«Si ricorre al 41 bis con troppa leggerezza, esponendolo a rischi di tenuta. Come si è fatto estendendo ai reati di pubblica amministrazione il regime che condiziona i benefici penitenziari a chi recide i legami criminali. Ma trattare un boss mafioso come un vigile urbano condannato per peculato ha creato contraddizioni normative e alla fine indebolito lo strumento». A dirlo in un’intervista a La Stampa è Sebastiano Ardita, magistrato antimafia ed ex membro del Csm, per il la «crisi arriva da lontano», e «la spia è il numero di detenuti al 41 bis.

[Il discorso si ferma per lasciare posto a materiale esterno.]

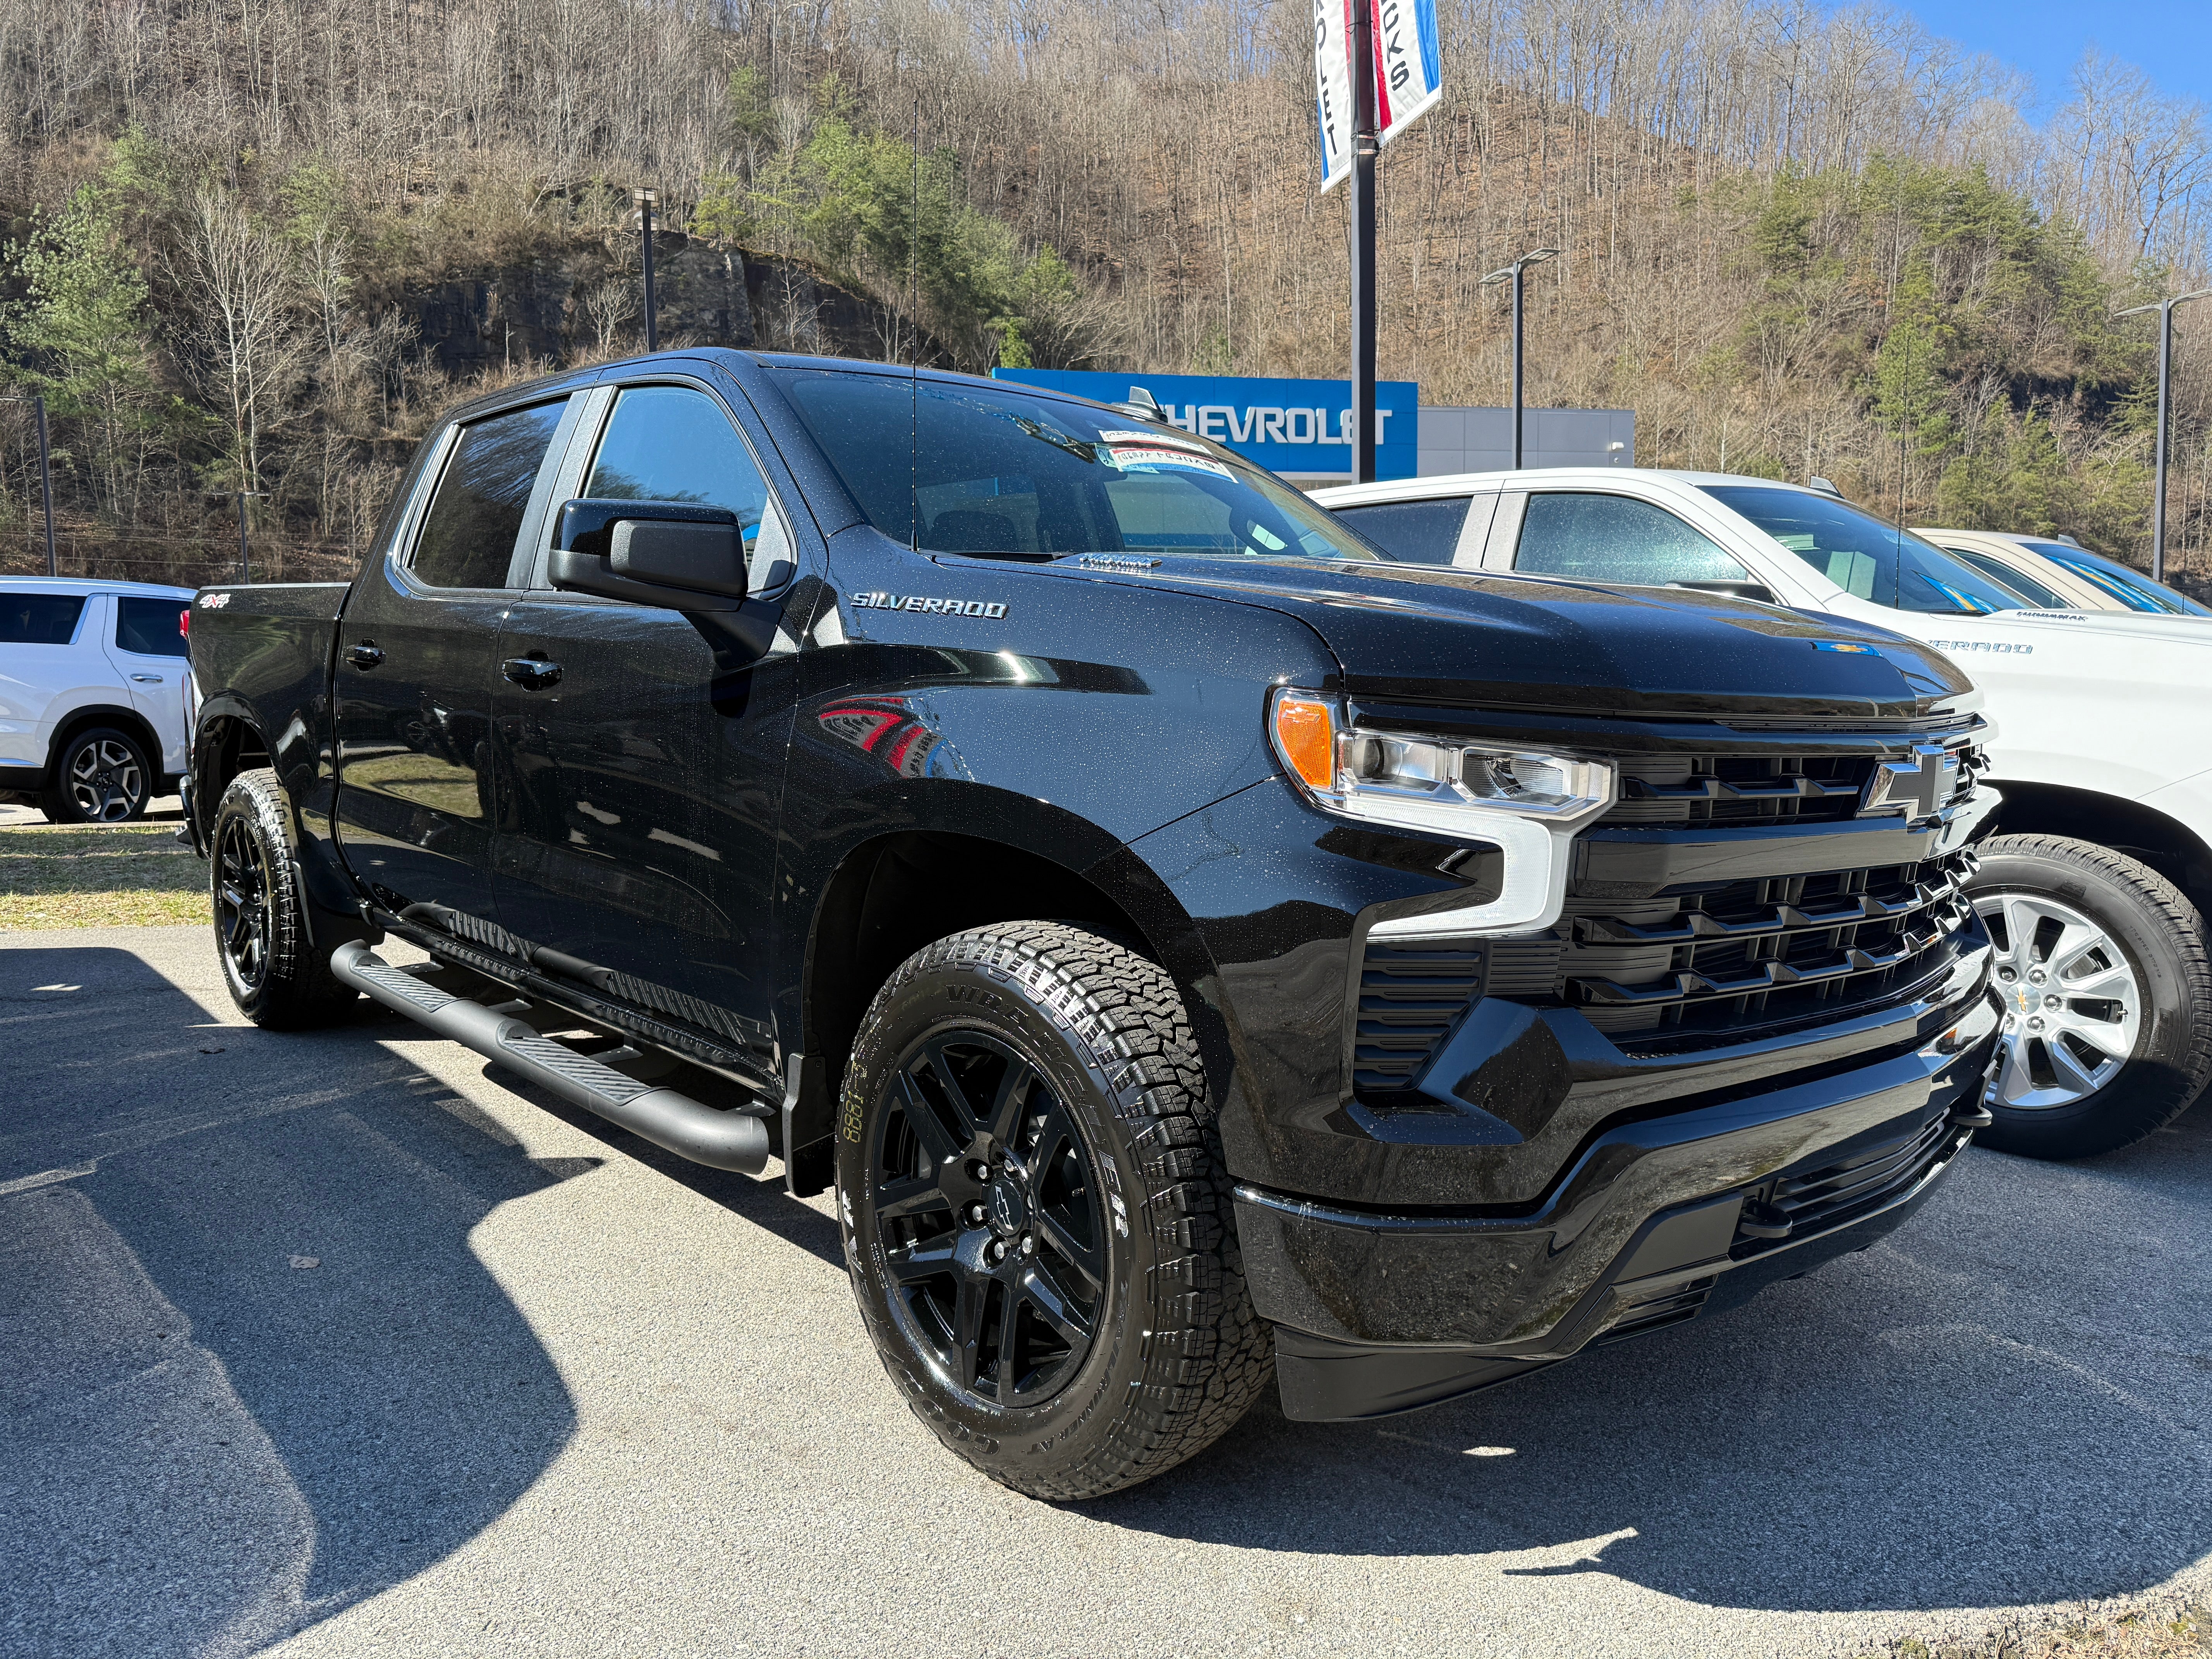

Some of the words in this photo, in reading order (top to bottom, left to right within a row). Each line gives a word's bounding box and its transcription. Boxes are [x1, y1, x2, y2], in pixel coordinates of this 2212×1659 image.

[1381, 0, 1409, 91] CKS
[1316, 0, 1337, 155] OLET
[1159, 405, 1393, 445] HEVROLT
[199, 594, 231, 608] 4X4
[850, 592, 1009, 619] SILVERADO
[1927, 640, 2033, 654] ERADO
[943, 984, 1129, 1238] WRANGLER
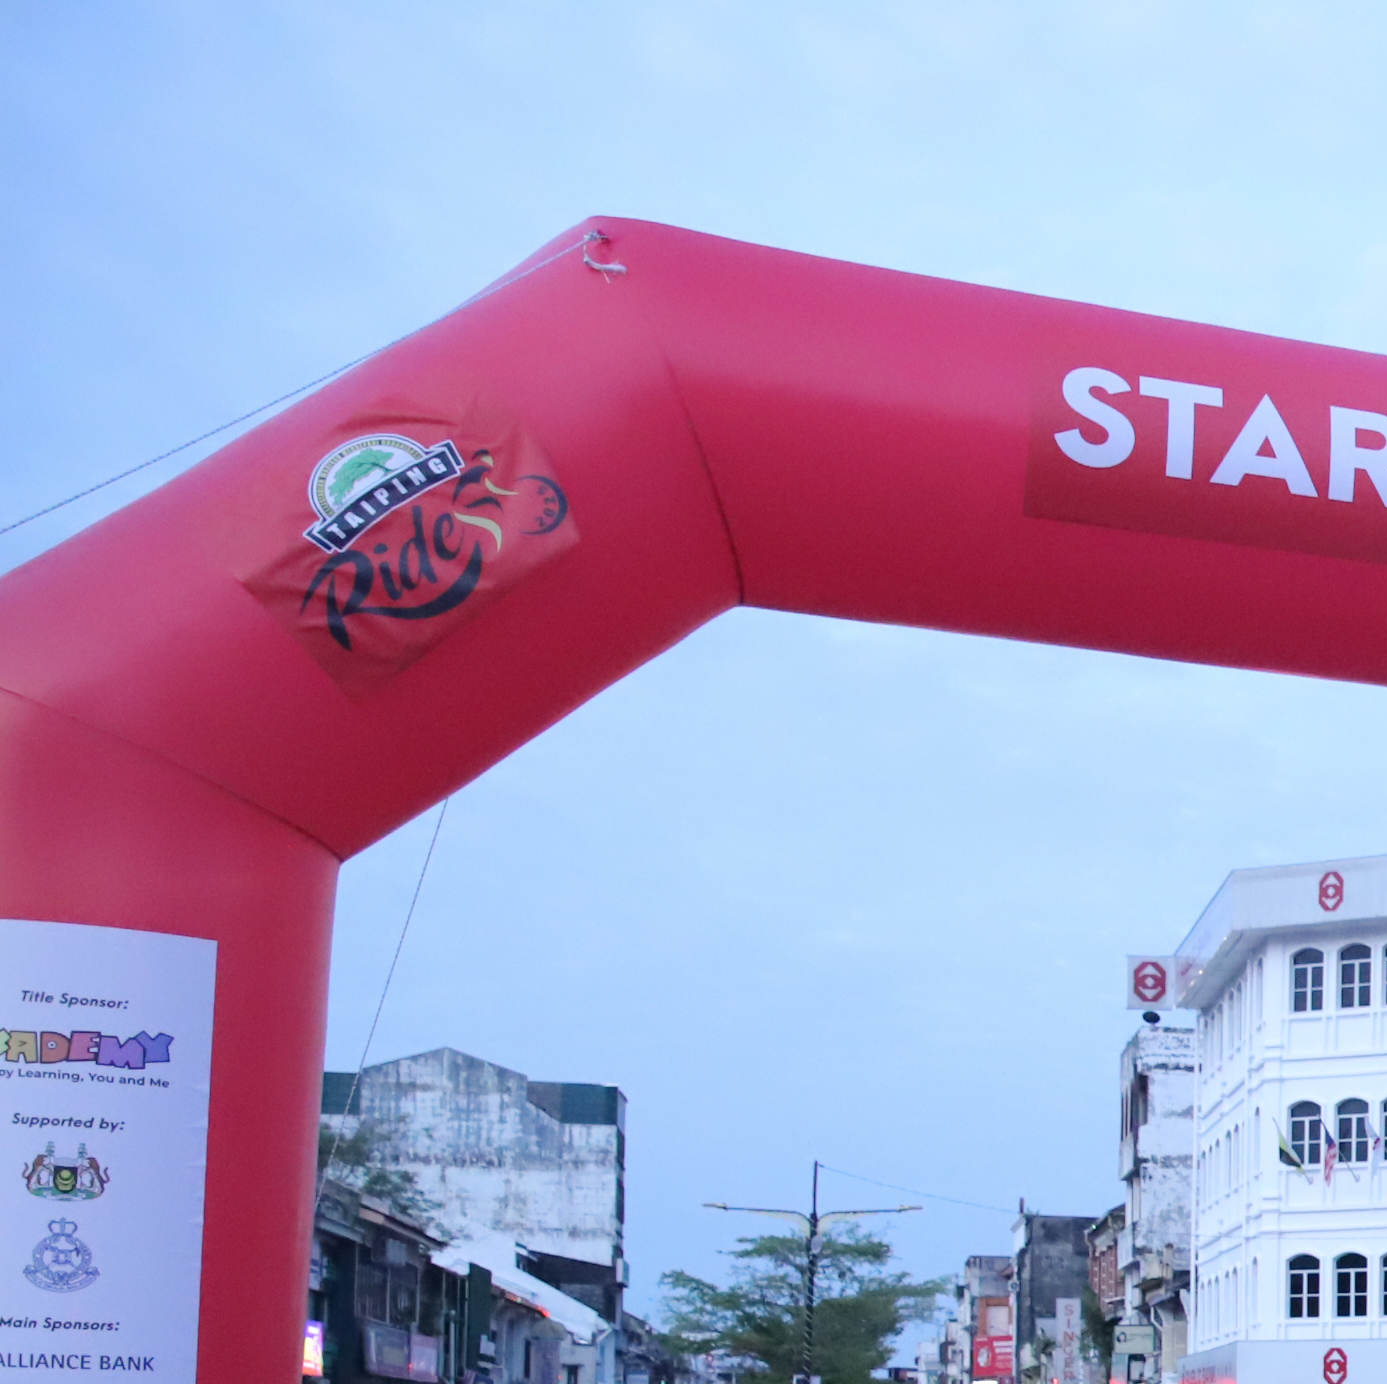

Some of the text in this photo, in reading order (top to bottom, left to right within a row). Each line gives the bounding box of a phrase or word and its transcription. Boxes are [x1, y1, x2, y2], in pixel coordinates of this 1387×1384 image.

[326, 457, 448, 540] TAIPING
[299, 505, 482, 652] Ride
[21, 990, 129, 1010] Title Sponsor:
[0, 1028, 175, 1070] ADEMY
[18, 1068, 84, 1083] Learning,
[89, 1073, 115, 1084] You
[119, 1076, 145, 1087] and
[150, 1078, 170, 1088] Me
[12, 1112, 125, 1132] Supported by:
[0, 1316, 120, 1332] Main Sponsors:
[1063, 1304, 1076, 1382] SINGER
[100, 1355, 155, 1371] BANK
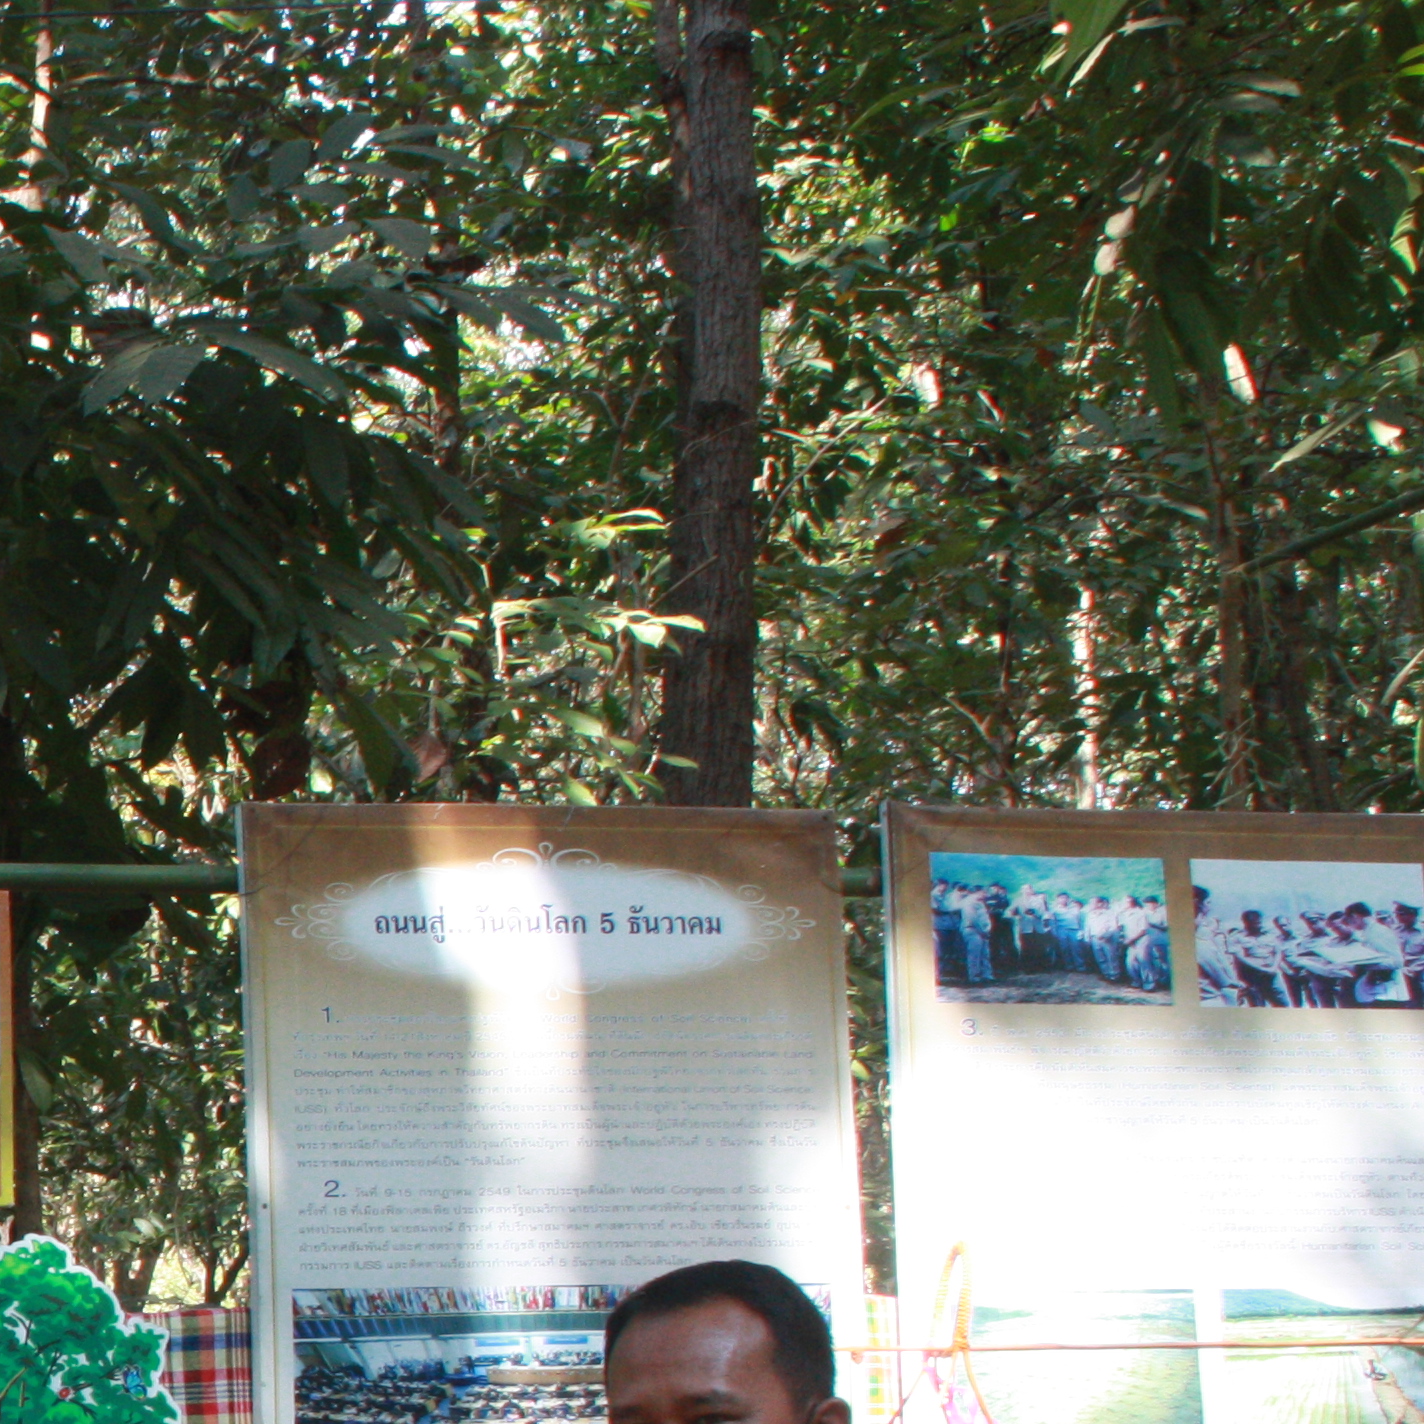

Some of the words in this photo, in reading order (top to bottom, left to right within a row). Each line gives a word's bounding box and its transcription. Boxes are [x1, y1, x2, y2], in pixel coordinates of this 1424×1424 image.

[600, 912, 615, 934] 5
[627, 904, 722, 936] ธันวาคม
[321, 1006, 340, 1023] 1.
[294, 1069, 374, 1078] Development
[324, 1180, 347, 1198] 2.
[630, 1185, 664, 1196] World
[671, 1185, 725, 1197] Congress
[731, 1184, 743, 1195] of

Oltre 700: troppi. Il numero fisiologico sarebbe intorno a 500».

In merito alla sentenza della Corte di Cassazione, che ha deciso di non revocare il carcere duro per Alfredo Cospito, Ardita non è affatto sorpreso. E anzi si dice «stupito» che lo siano gli addetti ai lavori. La Suprema Corte era infatti chiamata a pronunciarsi sulla legittimità del provvedimento. Ma la valutazione sull’utilizzo del 41bis nel caso concreto «non può essere né scaricata, né rivendicata dalla magistratura». Spetta al ministro della Giustizia, al quale la legge attribuisce il potere di disporre la misura. «Dovremmo smetterla con questo dibattito da strada sul 41 bis, rimettendo le cose in ordine, distinguendo compiti e responsabilità tra politica e magistratura, e ragionando sulle conseguenze sistemiche delle scelte su singole vicende come il caso Cospito», spiega Ardita.

Per l’ex presidente della Corte Costituzionale Giancarlo Coraggio, «la legittimità dei 41 bis non si discute, ma lo Stato deve evitare la tragedia». «Se il 14 bis in toto non è in discussione, le singole misure possono ben essere riesaminate. L'ha fatto la Cedu per il caso Provenzano, il 41 bis in caso di malattia, e ha accolto l'istanza. La Consulta ha dichiarato incostituzionali nel 2013 il numero troppo limitato di colloqui con i difensori, nel 2018 l'impossibilità di cuocere i cibi in cella, nel 2022 la censura della corrispondenza con gli avvocati, mentre ha respinto la richiesta di poter prendere i libri dall'esterno», spiega in un’intervista a Repubblica Coraggio. «Come tecnico –aggiunge – mi devo chiedere se alcune misure siano "disumane". Vale per Cospito come per altri: la sua situazione può essere l'occasione giusta per riesaminare dalle fondamenta il regime del 41 bis. Ma
resta sempre la possibilità di denunciare singole norme alla Consulta».